TRY IT
Please print the data shown below without any alteration.

RECORDS PROVIDED
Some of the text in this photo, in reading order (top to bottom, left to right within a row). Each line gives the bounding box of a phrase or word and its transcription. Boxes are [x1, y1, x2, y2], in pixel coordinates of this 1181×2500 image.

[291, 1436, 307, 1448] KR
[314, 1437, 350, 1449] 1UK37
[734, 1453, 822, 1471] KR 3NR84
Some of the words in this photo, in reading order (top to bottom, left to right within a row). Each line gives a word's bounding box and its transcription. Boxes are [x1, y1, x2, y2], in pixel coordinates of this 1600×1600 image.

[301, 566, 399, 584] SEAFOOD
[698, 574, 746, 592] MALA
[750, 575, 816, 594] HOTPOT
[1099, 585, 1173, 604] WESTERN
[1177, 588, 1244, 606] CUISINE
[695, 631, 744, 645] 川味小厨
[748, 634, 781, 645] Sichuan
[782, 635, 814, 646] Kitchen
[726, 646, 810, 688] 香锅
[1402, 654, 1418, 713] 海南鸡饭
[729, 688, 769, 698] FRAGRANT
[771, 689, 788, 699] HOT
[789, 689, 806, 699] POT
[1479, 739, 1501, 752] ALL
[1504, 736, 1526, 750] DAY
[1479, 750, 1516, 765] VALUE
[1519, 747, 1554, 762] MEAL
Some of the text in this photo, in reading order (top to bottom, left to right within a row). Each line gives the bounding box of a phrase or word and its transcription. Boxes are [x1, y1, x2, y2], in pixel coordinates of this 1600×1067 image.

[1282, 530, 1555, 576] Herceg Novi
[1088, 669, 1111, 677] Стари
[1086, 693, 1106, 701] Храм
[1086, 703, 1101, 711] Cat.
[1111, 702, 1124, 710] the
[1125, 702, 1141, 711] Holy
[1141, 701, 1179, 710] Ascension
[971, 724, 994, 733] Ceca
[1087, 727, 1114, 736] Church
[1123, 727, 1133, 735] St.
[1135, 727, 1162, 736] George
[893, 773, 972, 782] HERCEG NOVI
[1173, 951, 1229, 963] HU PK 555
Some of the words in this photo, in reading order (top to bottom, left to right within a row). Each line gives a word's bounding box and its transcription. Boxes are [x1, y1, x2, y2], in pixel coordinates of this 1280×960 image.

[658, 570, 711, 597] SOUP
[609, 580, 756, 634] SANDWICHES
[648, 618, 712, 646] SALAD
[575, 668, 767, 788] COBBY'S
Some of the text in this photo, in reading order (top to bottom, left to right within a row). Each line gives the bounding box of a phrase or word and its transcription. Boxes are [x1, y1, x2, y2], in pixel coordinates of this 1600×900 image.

EXERCISE SOLUTION
Some of the text in this photo, in reading order (top to bottom, left to right within a row). Each line gives the bounding box of a phrase or word and its transcription. Boxes are [x1, y1, x2, y2], in pixel coordinates of this 1181×2500 image.

[291, 1436, 307, 1448] KR
[314, 1437, 350, 1449] 1UK37
[734, 1453, 822, 1471] KR 3NR84
Some of the words in this photo, in reading order (top to bottom, left to right within a row). Each line gives a word's bounding box and its transcription. Boxes are [x1, y1, x2, y2], in pixel coordinates of this 1600×1600 image.

[301, 566, 399, 584] SEAFOOD
[698, 574, 746, 592] MALA
[750, 575, 816, 594] HOTPOT
[1099, 585, 1173, 604] WESTERN
[1177, 588, 1244, 606] CUISINE
[695, 631, 744, 645] 川味小厨
[748, 634, 781, 645] Sichuan
[782, 635, 814, 646] Kitchen
[726, 646, 810, 688] 香锅
[1402, 654, 1418, 713] 海南鸡饭
[729, 688, 769, 698] FRAGRANT
[771, 689, 788, 699] HOT
[789, 689, 806, 699] POT
[1479, 739, 1501, 752] ALL
[1504, 736, 1526, 750] DAY
[1479, 750, 1516, 765] VALUE
[1519, 747, 1554, 762] MEAL
Some of the text in this photo, in reading order (top to bottom, left to right within a row). Each line gives the bounding box of a phrase or word and its transcription. Boxes are [x1, y1, x2, y2], in pixel coordinates of this 1600×1067 image.

[1282, 530, 1555, 576] Herceg Novi
[1088, 669, 1111, 677] Стари
[1086, 693, 1106, 701] Храм
[1086, 703, 1101, 711] Cat.
[1111, 702, 1124, 710] the
[1125, 702, 1141, 711] Holy
[1141, 701, 1179, 710] Ascension
[971, 724, 994, 733] Ceca
[1087, 727, 1114, 736] Church
[1123, 727, 1133, 735] St.
[1135, 727, 1162, 736] George
[893, 773, 972, 782] HERCEG NOVI
[1173, 951, 1229, 963] HU PK 555
Some of the words in this photo, in reading order (top to bottom, left to right within a row). Each line gives a word's bounding box and its transcription. Boxes are [x1, y1, x2, y2], in pixel coordinates of this 1280×960 image.

[658, 570, 711, 597] SOUP
[609, 580, 756, 634] SANDWICHES
[648, 618, 712, 646] SALAD
[575, 668, 767, 788] COBBY'S
Some of the text in this photo, in reading order (top to bottom, left to right within a row). Each line gives the bounding box of a phrase or word and its transcription. Boxes are [x1, y1, x2, y2], in pixel coordinates of this 1600×900 image.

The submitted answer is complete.